Please Answer the Security Question

At my dayjob, I have to change my password every six months.

Such is the tyranny of IT.

And really, I understand. I do. I mean, sure, a part of me wonders what bereft soul out there truly wants to hack into my user accounts to obtain all sorts of deadly dry government reports. I can just imagine this villian. “Bwah ha ha ha! I refuse to capitulate to regular channels and FOIA this! I shall STEAL the information and then… and then… I shall HAVE it!”

This is why I don’t write espionage novels.

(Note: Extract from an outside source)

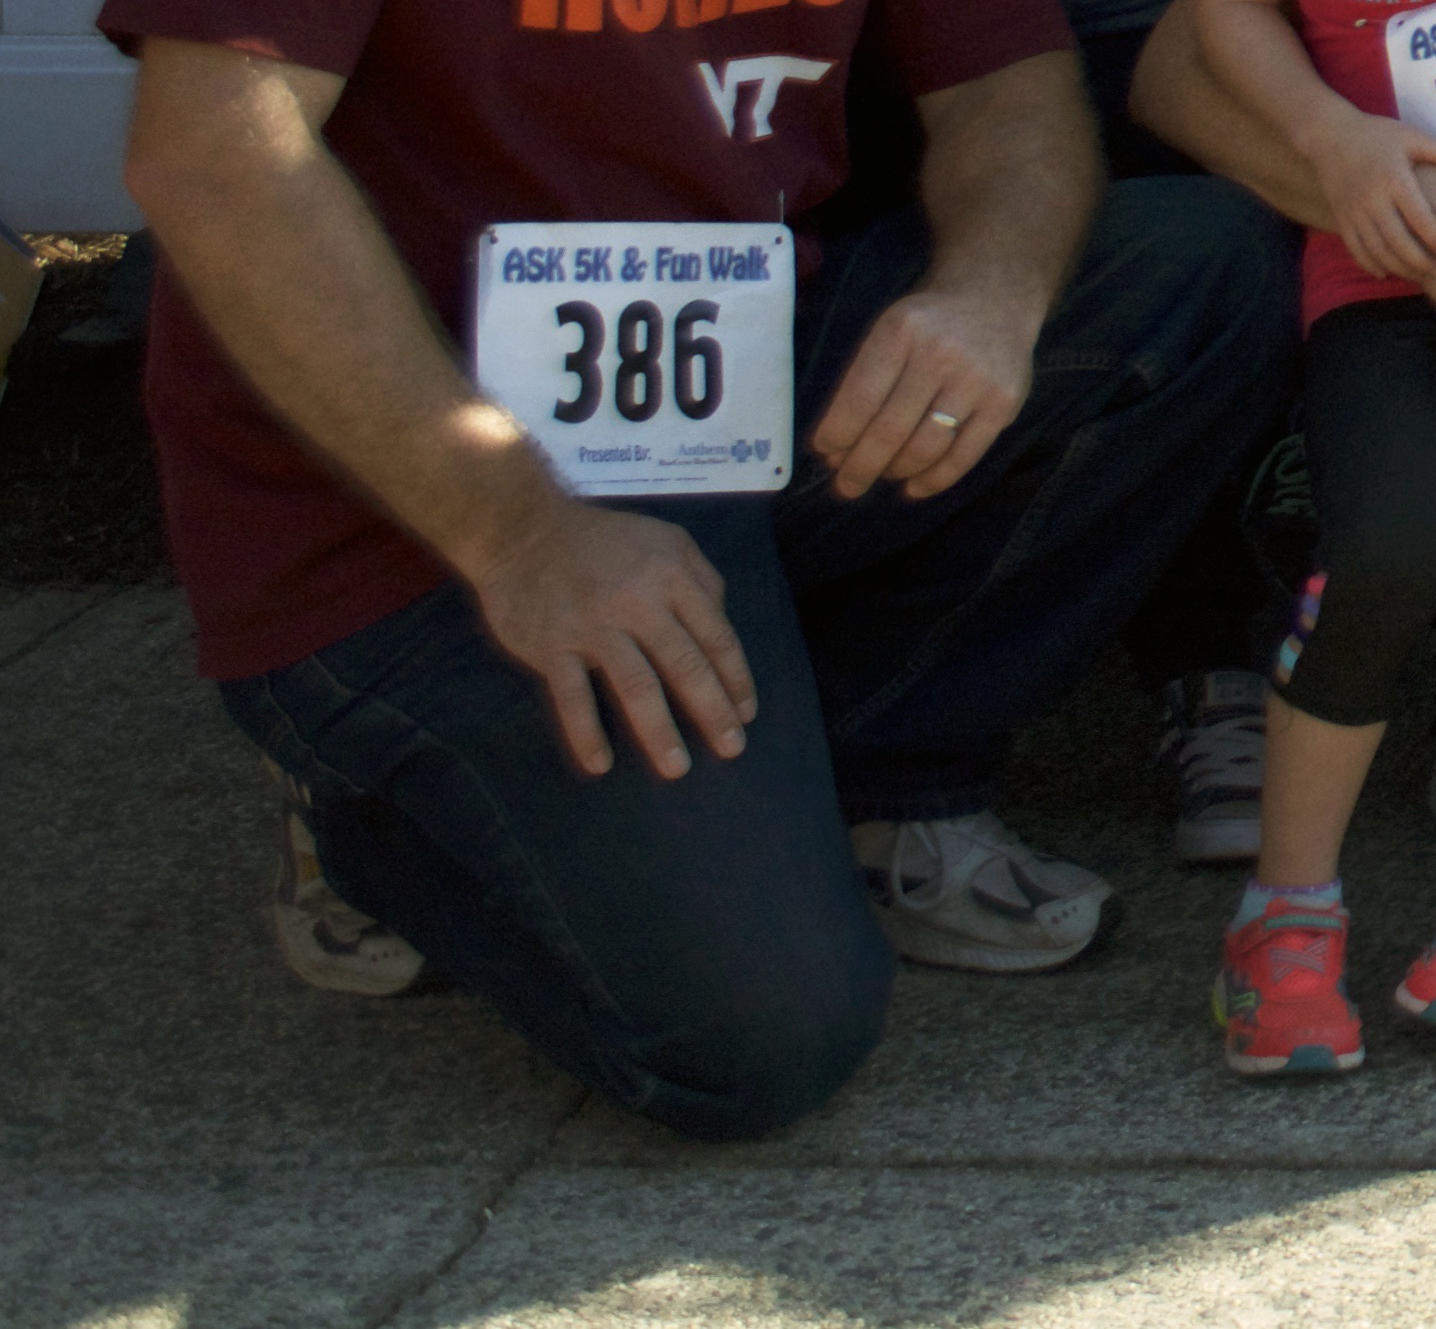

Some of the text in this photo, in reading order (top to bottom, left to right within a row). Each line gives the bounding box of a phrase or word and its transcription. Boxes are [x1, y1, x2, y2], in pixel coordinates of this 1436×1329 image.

[503, 245, 772, 283] ASK 5K & Fun Walk
[553, 298, 724, 425] 386
[579, 445, 632, 462] Presented

The thing is, I’ve been coming up with passwords for over twenty years now. Most of us have. When the whole computer thing, followed very quickly by the computer security thing, started ramping up, I had a system for passwords. I had a low-security password that I used for all sorts of non-financially related information, a medium-security one for more sensitive stuff and a high-security one for stuff that connected to money.

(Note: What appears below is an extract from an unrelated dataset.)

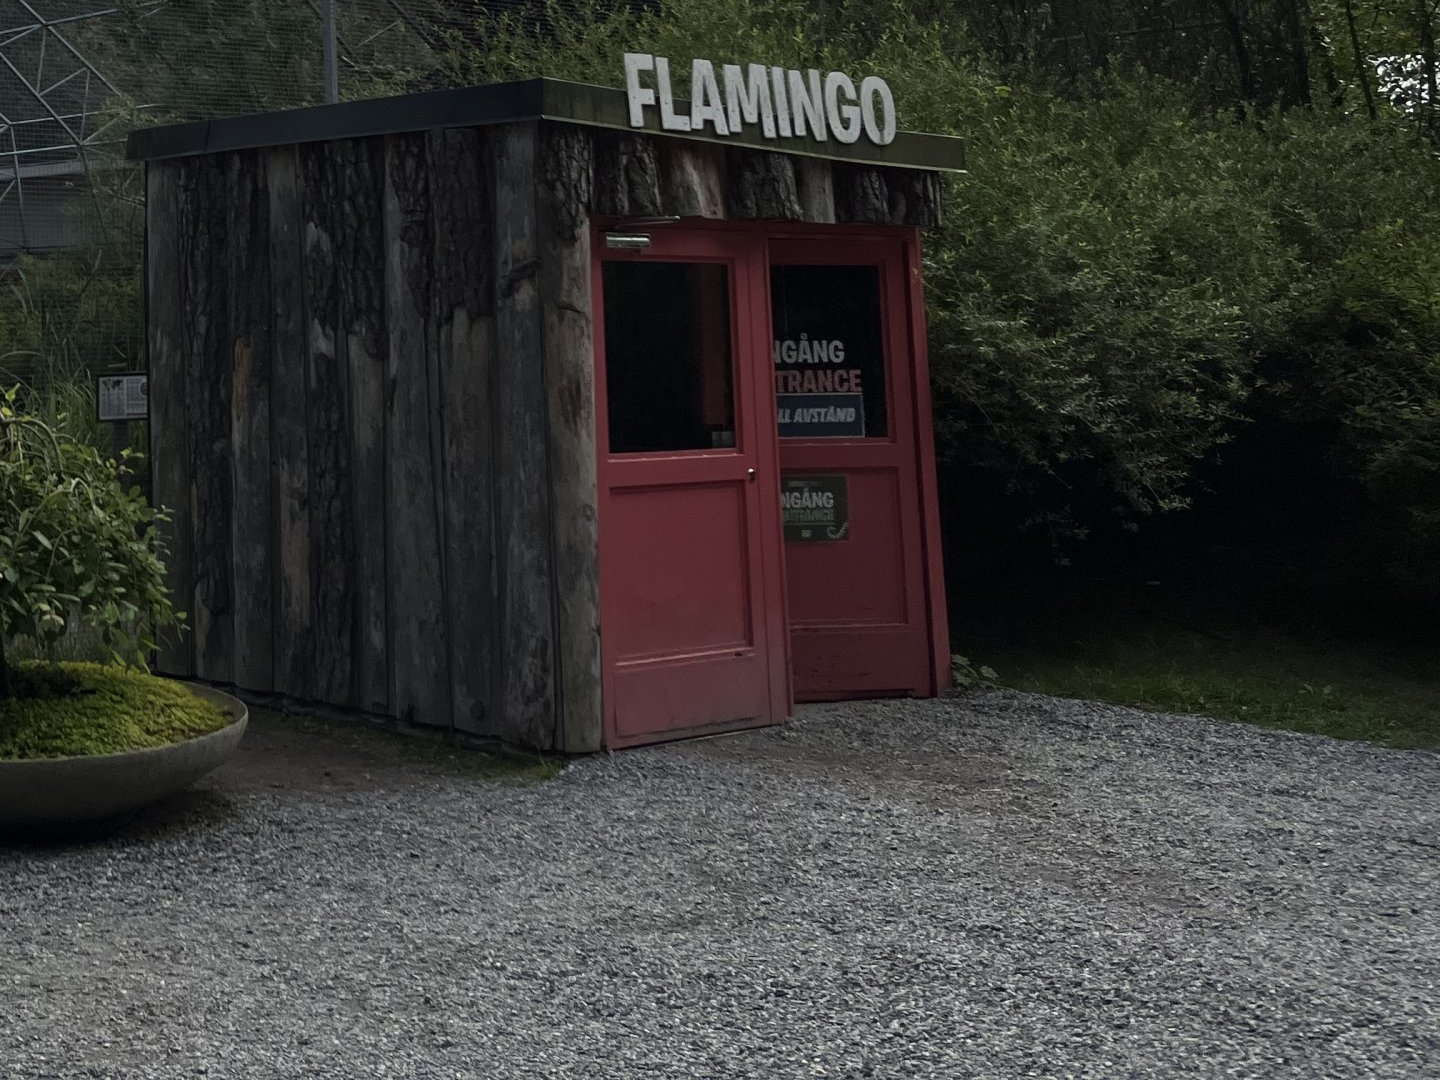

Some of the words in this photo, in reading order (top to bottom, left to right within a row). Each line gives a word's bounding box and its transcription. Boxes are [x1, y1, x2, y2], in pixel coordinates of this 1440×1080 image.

[624, 52, 896, 146] FLAMINGO
[776, 369, 863, 393] TRANCE
[793, 406, 856, 423] AVSTÅND
[781, 487, 835, 508] NGÅNG

Yeah – I have nothing more important than money to protect.

Back then, I understood my tiering system. It was based on a coding only I understood. I easily remembered my passwords. Then they started telling me how my passwords should be. You know what I mean. More letters. Symbols. No leading or following numbers. And with complication the IT folks developed to foil hackers, the less likely they made it for me to remember all the contortions of my passwords. In fact, my passwords have gotten more consistent in many ways, because I don’t dare add my arcane spin on top of all of theirs.

And then.

The security questions started in.

Yeah, I know I’m supposed to know the answers to these things. After all, I put them in. Still, when I’m trying to transfer money in between conference calls and the computer asks me for the name of my first pet, I have to pause and think. What would have the past tense me have answered? The dog we had when I was born? The cat who was run over on the highway when I was four? The first cat that was really mine?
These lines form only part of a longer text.